With this feedback culture, Zuckerberg aims to show that all employees' voices are heard and to ensure that new product ideas are shared with leadership regardless of who developed them. Zuckerberg sees the feedback culture similar to the way Bezos uses the six-page memos. Facebook must continuously invent, and feedback is an internal priority. Kantrowitz describes it as follows:

"The company invents, improves, and invents some more. At Amazon, it's always Day One. Facebook, as the internal saying goes, is 1 percent done."

Both Bezos and Zuckerberg are open to new ideas, no matter the origin of those ideas. Zuckerberg is always listening and learning, which is why he has instituted four ways of obtaining information: Friday Q&As, Facebook's internal groups, inner circle, and product reviews. These channels offer everyone at the company an opportunity to bring up new invention ideas directly to Zuckerberg. Kantrowitz observes that Zuckerberg surrounds himself with disagreeable givers, who share what they really think, not what they think someone wants to hear.

AI has played a significant role at Facebook over the past several years in a way that is unique to Facebook. As Facebook was repeatedly criticized for not doing enough to stop hate speech, violence, and bullying on its platform, it started to hire more content reviewers to moderate Facebook content. However, with tens of billions of things posted on Facebook every day, it was physically impossible to remove all harmful messages without AI and machine learning.

Facebook's algorithms have been highly effective at reducing execution work for its employees in managing the platform. The company has now started to use AI in some of its back-office functions, such as HR.

Compensation at Facebook is entirely formulaic. An algorithm determines employees' pay, bonus, equity grants, and other performance compensation. Using AI has removed bias that is often inherent when individuals have discretion over certain decisions. Facebook's head of HR feels that the new process is much more objective. "This compensation technology further cuts down execution work and makes room for ideas."


Collaboration is a big part of the Engineer's Mindset, and few companies collaborate better than Google. Their communication tools have "turned Google into one of the most collaborative companies on earth, linking its employees in a collective consciousness and breaking down the typical boundaries between divisions," proclaims Kantrowitz.

Google's internal communication tools have enabled the organization to reinvent itself many times as consumer preferences changed over the years and new competitors entered the space. Various tools on Google Drive initiate collaboration inside the documents, making it easier to work together, share opinions, and avoid version control issues. Google's communication tools reduce execution work and create space for new ideas.
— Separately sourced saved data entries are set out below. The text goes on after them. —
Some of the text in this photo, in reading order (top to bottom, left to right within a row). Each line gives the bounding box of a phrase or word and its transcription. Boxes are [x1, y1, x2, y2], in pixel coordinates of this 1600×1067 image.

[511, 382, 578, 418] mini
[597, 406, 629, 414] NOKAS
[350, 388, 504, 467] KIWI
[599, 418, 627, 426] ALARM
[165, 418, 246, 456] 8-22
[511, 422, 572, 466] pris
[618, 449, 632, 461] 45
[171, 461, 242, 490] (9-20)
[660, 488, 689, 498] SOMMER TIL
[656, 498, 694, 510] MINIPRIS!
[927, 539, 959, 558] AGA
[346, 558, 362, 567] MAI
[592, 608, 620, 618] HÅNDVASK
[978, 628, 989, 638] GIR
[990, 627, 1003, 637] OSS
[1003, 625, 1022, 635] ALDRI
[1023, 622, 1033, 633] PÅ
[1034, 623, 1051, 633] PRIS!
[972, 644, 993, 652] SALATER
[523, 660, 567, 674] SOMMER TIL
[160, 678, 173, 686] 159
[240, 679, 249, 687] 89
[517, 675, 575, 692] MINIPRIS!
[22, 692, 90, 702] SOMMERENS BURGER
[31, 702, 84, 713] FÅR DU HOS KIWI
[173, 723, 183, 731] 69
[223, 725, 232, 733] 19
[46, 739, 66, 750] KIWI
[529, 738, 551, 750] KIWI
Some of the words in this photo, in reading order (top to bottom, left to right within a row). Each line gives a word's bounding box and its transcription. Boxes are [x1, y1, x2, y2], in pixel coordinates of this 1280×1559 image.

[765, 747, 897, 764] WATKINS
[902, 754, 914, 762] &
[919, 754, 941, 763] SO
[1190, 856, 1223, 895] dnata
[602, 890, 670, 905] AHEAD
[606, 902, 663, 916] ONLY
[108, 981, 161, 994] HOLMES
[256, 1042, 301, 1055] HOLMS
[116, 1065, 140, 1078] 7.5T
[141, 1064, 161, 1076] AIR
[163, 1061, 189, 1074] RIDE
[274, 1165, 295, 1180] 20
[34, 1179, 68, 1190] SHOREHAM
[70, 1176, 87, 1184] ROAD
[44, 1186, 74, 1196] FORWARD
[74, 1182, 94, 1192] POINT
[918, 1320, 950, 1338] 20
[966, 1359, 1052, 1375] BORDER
Pichai embodies the Engineer's Mindset in his role as a facilitator of innovation. He ensures that ideas can flow freely, sets clear objectives, and eliminates barriers between groups. As the final step, he minimizes his presence to spark collaboration. He gives teams sufficient leeway in building products and empowers the rank and file to make decisions.

Similar to Amazon and Facebook, Google has been investing heavily in AI. This process started early before a clear business outcome could be observed. Now, they are focusing their AI research on computer vision, natural language understanding, and voice recognition. Pichai has directed the company to adopt an "AI first" mindset and incorporate AI into products at every opportunity. Google already sees positive results from this directive as products have become smarter, more aware of each other, and better at understanding the people interacting with the tools.

Pichai recognizes that some people fear what AI can do for humanity. As Google continues to embed AI into its products, Pichai released the AI Principles to show Google's commitment to developing AI technology responsibly and to establish parameters for when AI would not be used. Pichai stated objectives for AI are to:

  1. Be socially beneficial
  2. Avoid creating or reinforcing unfair bias
  3. Be built and tested for safety
  4. Be accountable to people
  5. Incorporate privacy design principles
  6. Uphold high standards of scientific excellence
  7. Be made available for uses that accord with these principles

AI would not be used to cause harm, function as weapons, gather information for surveillance in violation of international standards, or breach other international laws and human rights.